## ASSIGNMENT:
Copy nothing but the text: reproduce each line of the listing exactly and leave the pictures out.
Segment Open
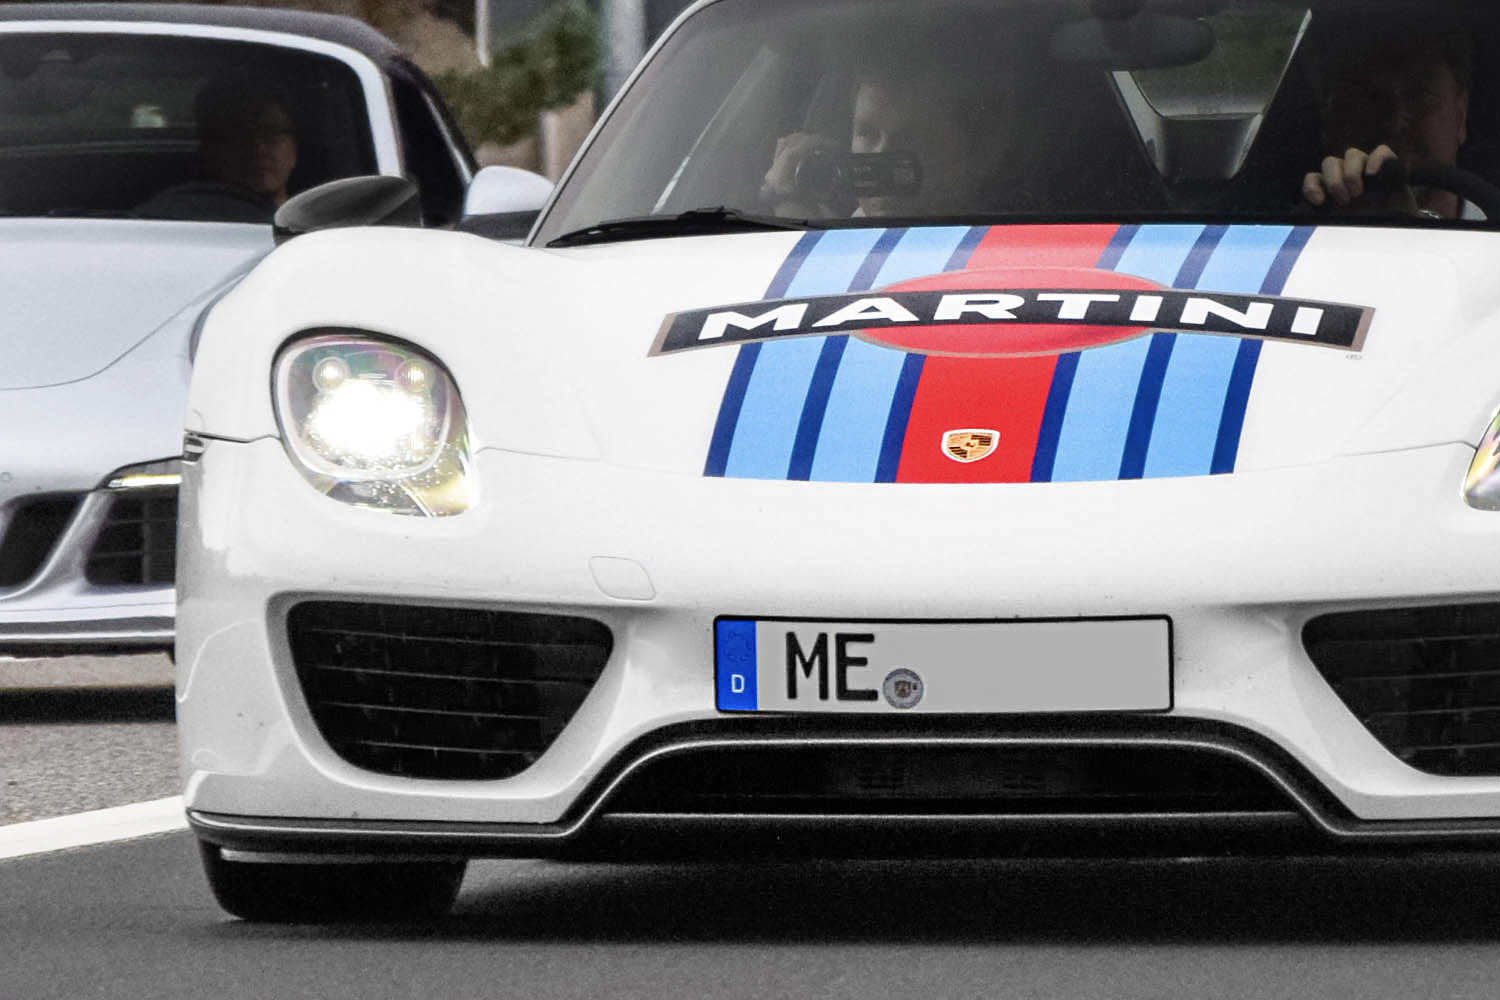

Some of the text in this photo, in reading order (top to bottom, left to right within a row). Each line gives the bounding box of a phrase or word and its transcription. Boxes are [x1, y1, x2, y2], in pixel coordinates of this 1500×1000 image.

[697, 293, 1325, 340] MARTINI
[731, 674, 745, 694] D
[786, 631, 878, 701] ME
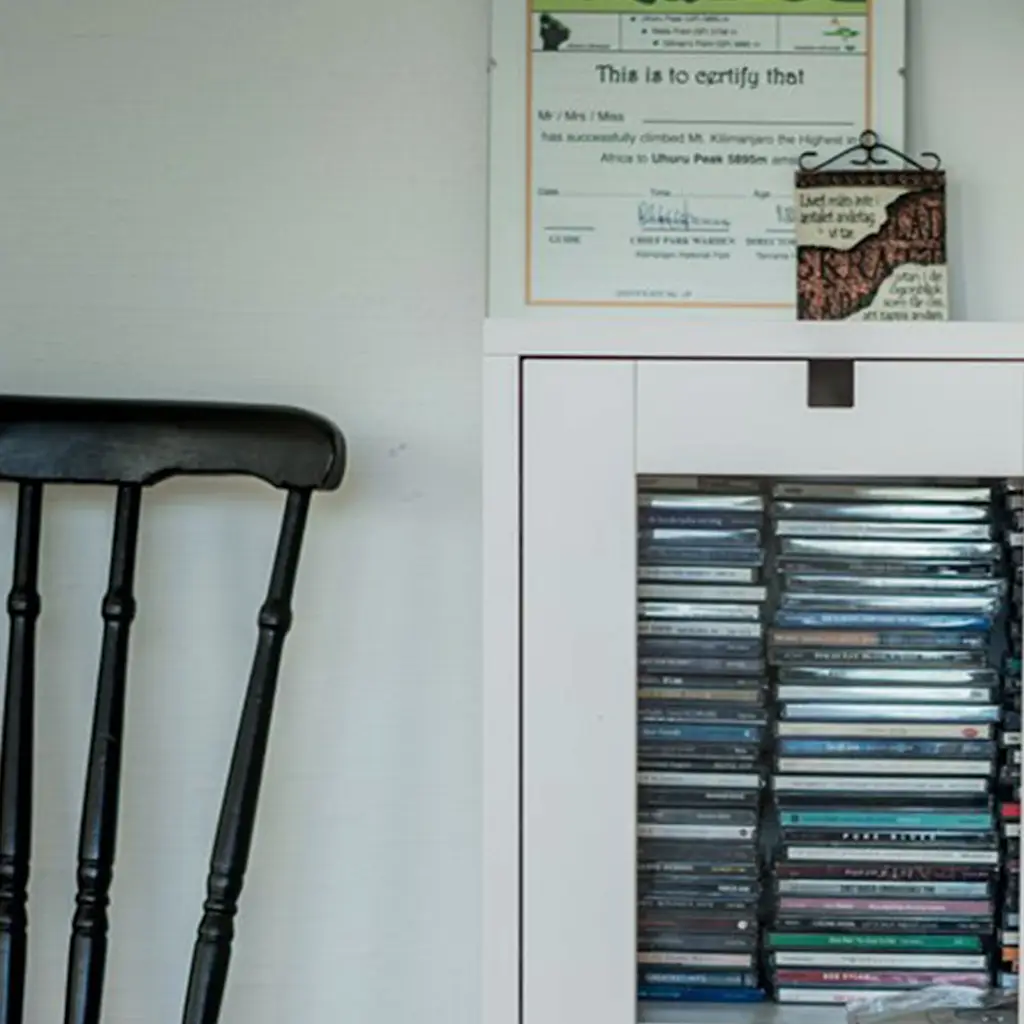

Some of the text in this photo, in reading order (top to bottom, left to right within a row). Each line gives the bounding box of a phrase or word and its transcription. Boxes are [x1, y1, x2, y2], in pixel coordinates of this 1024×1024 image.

[596, 64, 804, 89] This is to certify that
[538, 110, 553, 121] Mr
[565, 111, 586, 121] Mrs
[598, 111, 624, 121] Miss
[541, 131, 562, 142] has
[567, 132, 636, 147] successfully
[640, 132, 685, 143] climbed
[710, 134, 774, 146] Kilimanjaro
[778, 135, 796, 144] the
[600, 152, 633, 162] Africa
[637, 154, 648, 162] to
[652, 153, 690, 164] Uhuru
[694, 154, 723, 164] Peak
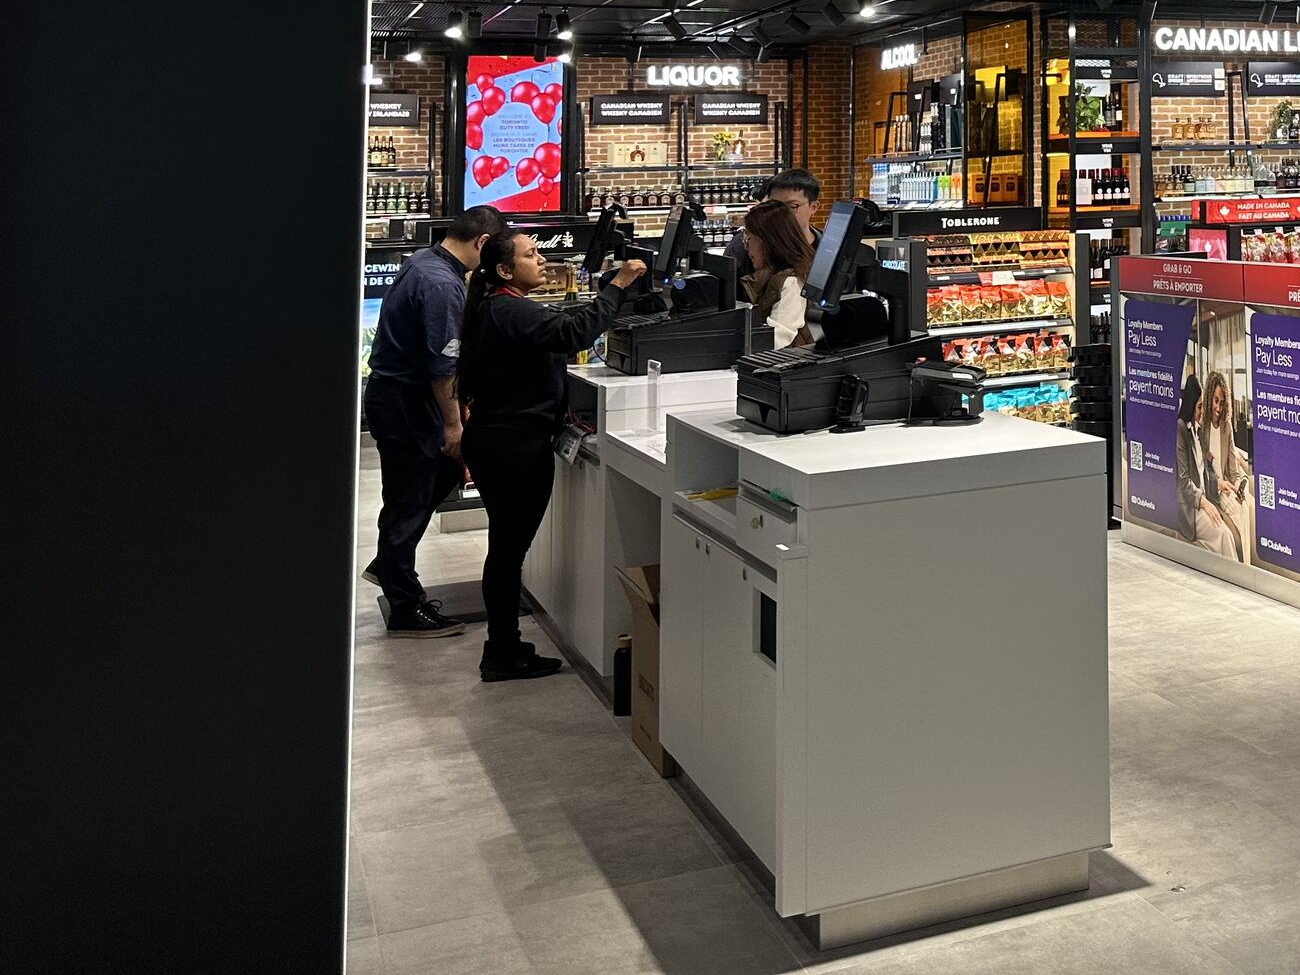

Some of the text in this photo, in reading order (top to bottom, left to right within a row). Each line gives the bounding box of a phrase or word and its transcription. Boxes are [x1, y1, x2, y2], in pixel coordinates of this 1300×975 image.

[1154, 27, 1278, 52] CANADIAN
[880, 43, 918, 70] ALCOOL
[646, 65, 741, 87] LIQUOR
[1263, 211, 1289, 219] CANADA
[364, 263, 403, 273] CEWIN
[1162, 263, 1192, 274] GRAB & GO
[370, 277, 383, 286] DE
[1153, 279, 1203, 293] PRÊTS À EMPORTER
[1128, 329, 1157, 347] Pay Less
[1254, 334, 1300, 350] Loyalty Members
[1255, 347, 1293, 368] Pay Less
[1128, 366, 1137, 376] Les
[1137, 369, 1157, 379] membres
[1129, 379, 1174, 398] payent moins
[1256, 388, 1266, 400] Les
[1267, 393, 1293, 405] membres
[1257, 404, 1287, 422] payent
[1286, 489, 1298, 500] today
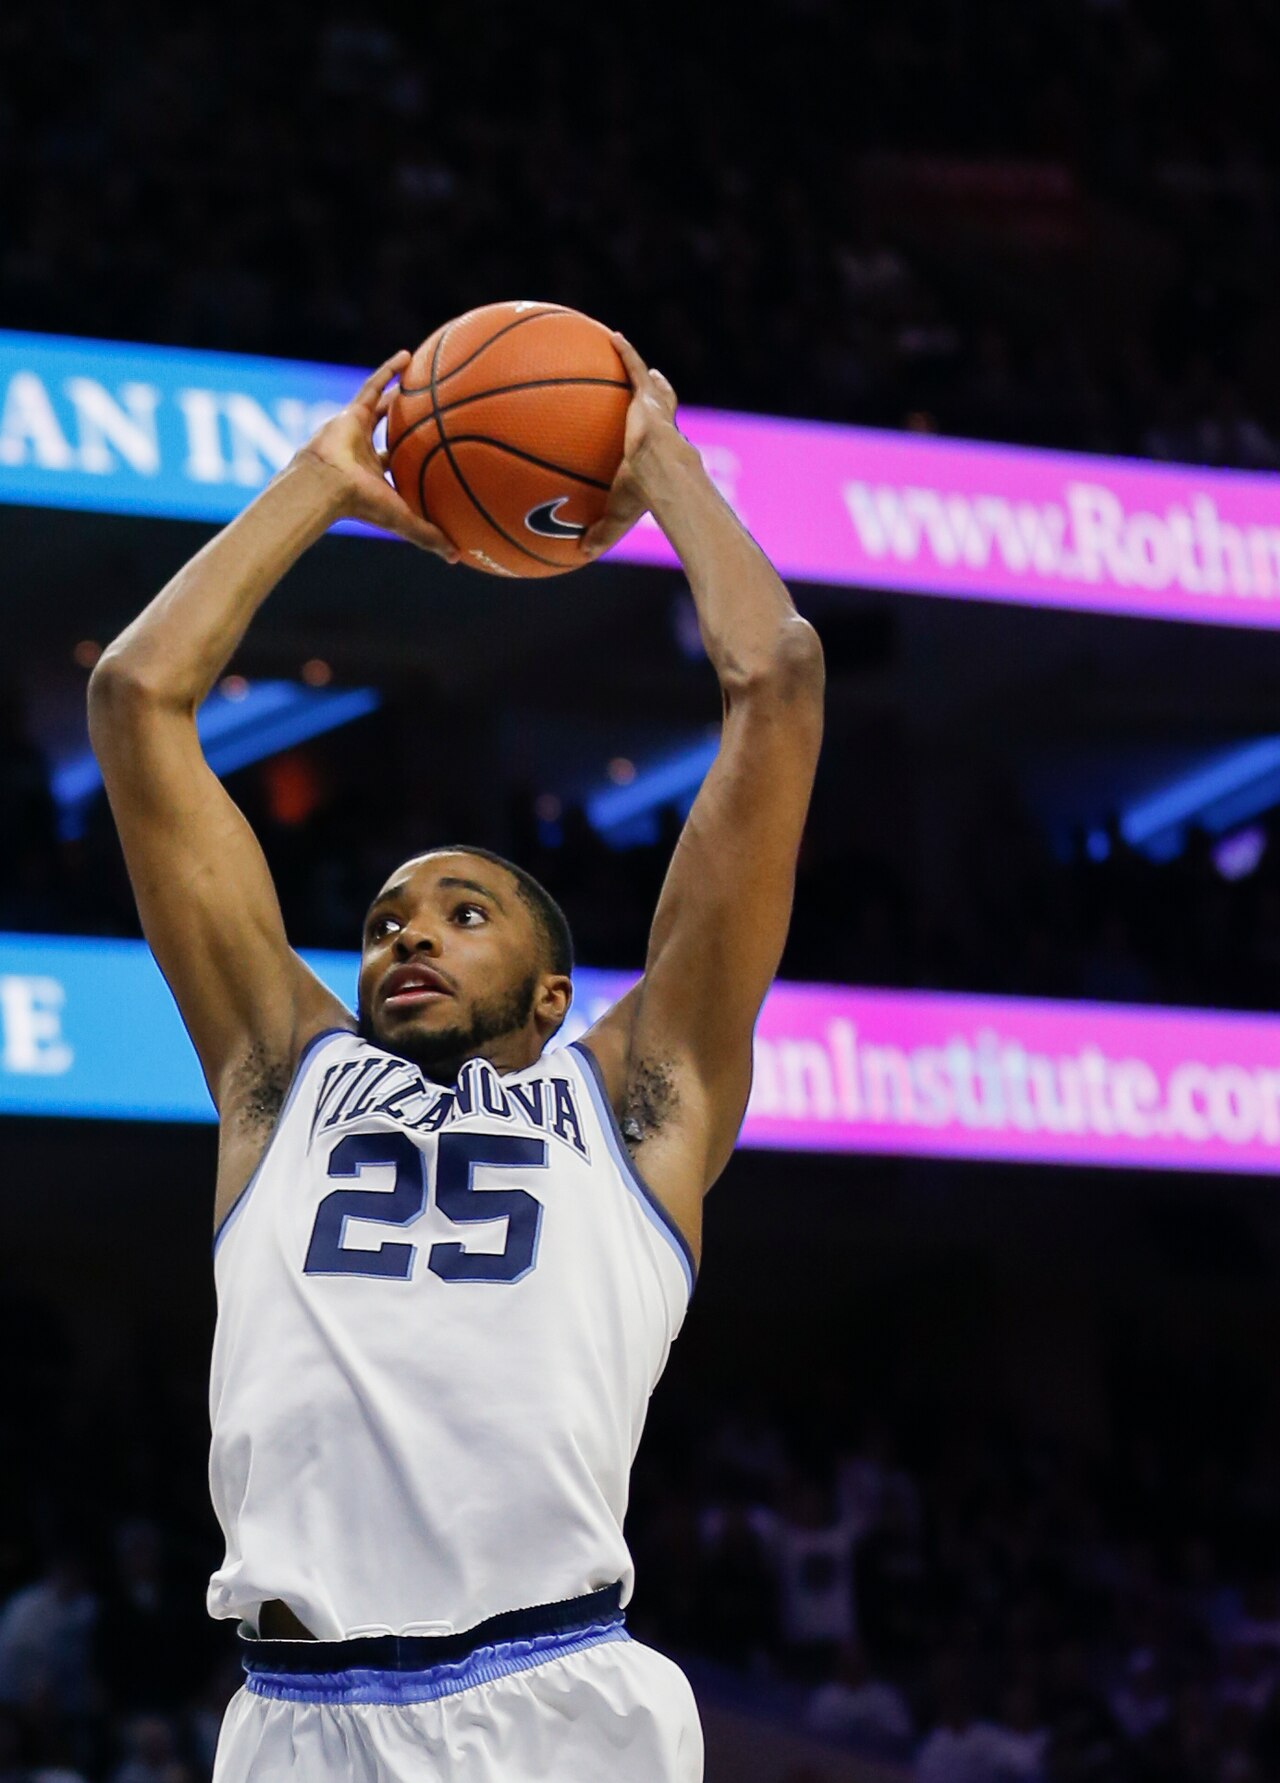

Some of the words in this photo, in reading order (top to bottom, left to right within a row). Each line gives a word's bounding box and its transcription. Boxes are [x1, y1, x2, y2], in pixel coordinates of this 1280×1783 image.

[307, 1057, 591, 1164] VILLANOVA
[751, 1017, 1280, 1148] nInstitute.co
[303, 1131, 549, 1284] 25
Segment Closed
## EXERCISE ANSWER:
Some of the text in this photo, in reading order (top to bottom, left to right within a row). Each line gives the bounding box of a phrase or word and its transcription. Boxes are [x1, y1, x2, y2], in pixel coordinates of this 1500×1000 image.

[697, 293, 1325, 340] MARTINI
[731, 674, 745, 694] D
[786, 631, 878, 701] ME

Some of the text in this photo, in reading order (top to bottom, left to right within a row). Each line gives the bounding box of a phrase or word and its transcription. Boxes are [x1, y1, x2, y2], in pixel coordinates of this 1024×1024 image.

[596, 64, 804, 89] This is to certify that
[538, 110, 553, 121] Mr
[565, 111, 586, 121] Mrs
[598, 111, 624, 121] Miss
[541, 131, 562, 142] has
[567, 132, 636, 147] successfully
[640, 132, 685, 143] climbed
[710, 134, 774, 146] Kilimanjaro
[778, 135, 796, 144] the
[600, 152, 633, 162] Africa
[637, 154, 648, 162] to
[652, 153, 690, 164] Uhuru
[694, 154, 723, 164] Peak

Some of the text in this photo, in reading order (top to bottom, left to right within a row). Each line gives the bounding box of a phrase or word and its transcription. Boxes are [x1, y1, x2, y2], in pixel coordinates of this 1300×975 image.

[1154, 27, 1278, 52] CANADIAN
[880, 43, 918, 70] ALCOOL
[646, 65, 741, 87] LIQUOR
[1263, 211, 1289, 219] CANADA
[364, 263, 403, 273] CEWIN
[1162, 263, 1192, 274] GRAB & GO
[370, 277, 383, 286] DE
[1153, 279, 1203, 293] PRÊTS À EMPORTER
[1128, 329, 1157, 347] Pay Less
[1254, 334, 1300, 350] Loyalty Members
[1255, 347, 1293, 368] Pay Less
[1128, 366, 1137, 376] Les
[1137, 369, 1157, 379] membres
[1129, 379, 1174, 398] payent moins
[1256, 388, 1266, 400] Les
[1267, 393, 1293, 405] membres
[1257, 404, 1287, 422] payent
[1286, 489, 1298, 500] today

Some of the words in this photo, in reading order (top to bottom, left to right within a row). Each line gives a word's bounding box and its transcription. Boxes are [x1, y1, x2, y2], in pixel coordinates of this 1280×1783 image.

[307, 1057, 591, 1164] VILLANOVA
[751, 1017, 1280, 1148] nInstitute.co
[303, 1131, 549, 1284] 25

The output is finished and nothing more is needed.